The first targeted CML treatment—Novartis’ Gleevec (imatinib mesylate), marketed as Glivec overseas—was priced at $30,000 for a year’s treatment when approved in 2001. That cost has more than doubled since. It now costs $76,000 a year.
Novartis has long defended the cost of its drug: “We agree with those who say the price we have set for Gleevec is high. But given all the factors, we believe it is a fair price,” then-CEO Daniel Vasella wrote in his 2003 book about the drug, Magic Cancer Bullet.
In a response to the article also published in Blood, Hervé Hoppenot, president of Novartis Oncology, cited his company’s patient-access programs, which have provided free Gleevec or Tasigna to an average 5,000 uninsured or underinsured U.S. patients annually for the past five years.
“Globally, nearly one-third of the Glivec produced annually is provided at no cost, to date reaching more than 50,000 patients in over 80 low-income countries,” Hoppenot said. That letter, and an earlier company response touting the life-saving value of CML drugs, sidestepped explanations of why Gleevec’s price may have risen or why the price of Tasigna is also high.

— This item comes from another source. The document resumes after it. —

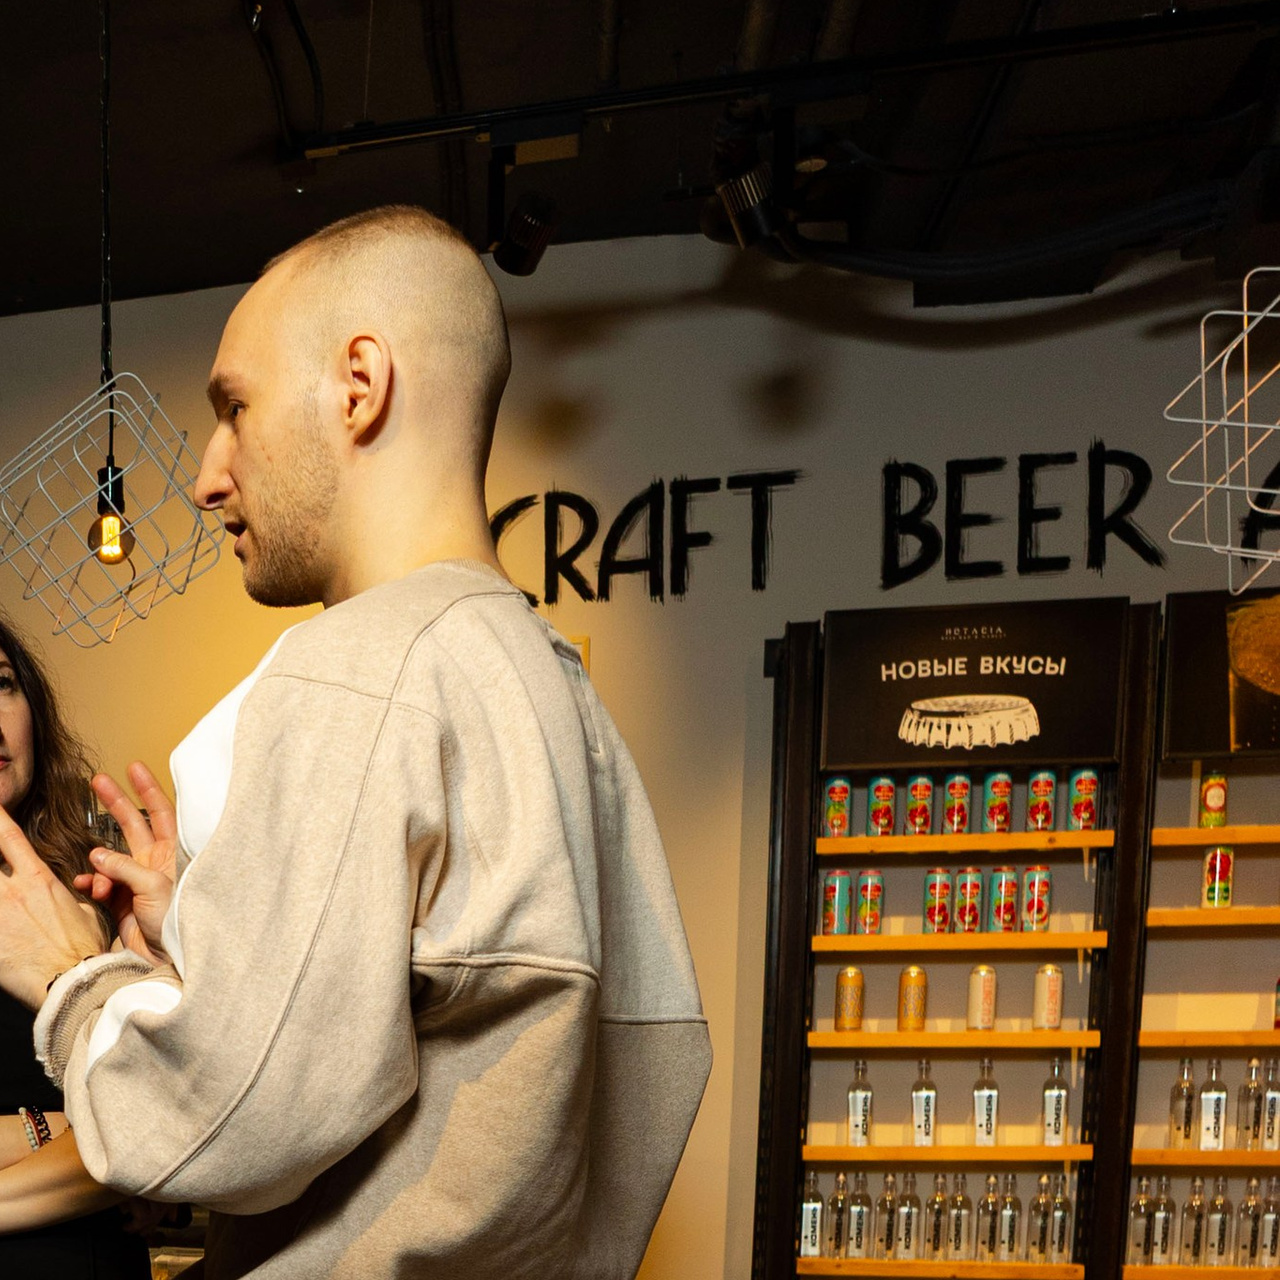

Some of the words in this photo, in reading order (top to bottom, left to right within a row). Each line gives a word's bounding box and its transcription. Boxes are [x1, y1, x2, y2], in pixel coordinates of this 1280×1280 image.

[489, 468, 805, 610] CRAFT
[880, 437, 1166, 590] BEER
[881, 657, 968, 682] НОВЫЕ
[979, 655, 1066, 676] ВКУСЫ

The six-figure trend is consistent among other cancer types, the CML experts reported. Of the 12 drugs approved by FDA last year for cancer indications, 11 were priced above $100,000 per year. Monthly cancer drug prices, which today average more than $10,000, have almost doubled from the decade-ago average of $5,000.
Dendreon raised eyebrows in 2010 when it launched prostate cancer drug Provenge with a $93,000 price tag that investors blamed for the company missing initial sales forecasts.

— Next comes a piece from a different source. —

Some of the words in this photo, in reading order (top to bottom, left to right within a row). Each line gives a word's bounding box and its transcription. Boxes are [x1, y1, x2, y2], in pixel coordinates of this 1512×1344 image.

Dendreon defends its pricing by citing its drug as a first-in-class, personalized autologous immunotherapy, its shorter duration of use than other cancer drugs, and its success in extending median overall survival beyond two years.
“We regularly review our pricing strategies in conjunction with a number of factors, including internal costs, provider and patient access, marketplace conditions, and relevant price indices. We believe that Provenge is fairly and appropriately priced based upon the therapeutic benefit it delivers to patients for the treatment of asymptomatic or minimally symptomatic metastatic castrate resistant (hormone refractory) prostate cancer,” Lindsay M. Rocco, Dendreon evp, corporate communications, told GEN.

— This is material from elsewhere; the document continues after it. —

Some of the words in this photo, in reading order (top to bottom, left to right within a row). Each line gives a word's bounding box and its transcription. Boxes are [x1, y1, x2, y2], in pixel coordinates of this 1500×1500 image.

High drug prices are like the weather: Everyone complains, but nobody suggests anything that can be done about it.
In their article, the CML experts offered no solutions, saying only that they “propose to begin the dialogue by organizing regular meetings, involving all parties concerned, to address the reasons behind high cancer drug prices and offer solutions to reduce them.”
A national discussion on cancer drug pricing impacting all payers is unlikely in the U.S., Cohen of Tufts CSSD says, since the healthcare system must accommodate regional differences and many vocal stakeholders. He cautioned against reining in drug costs without addressing both clinical- and cost-effectiveness. “Capping prices may be good in the short-term for payers and patients, but could be detrimental in the long-term as it would likely harm innovation,” Cohen said.
Maybe so, but as Sloan-Kettering showed, big pharma will lower prices under some conditions. The challenge is to create those conditions, advancing the CML experts’ admirable goal of making medicine affordable to all, by substituting the invisible hand of a functioning market for the heavy hands of government and industry.
That means lowering prices through competition across drug types—including biosimilars, where government has effectively favored branded pharma by letting biosimilar guidance drag on for more than a year. That also means physicians and providers emulating the Sloan-Kettering example and refusing to prescribe treatments of questionable benefit. Some industry ideas, such as easing formulary management rules, should also be among solutions.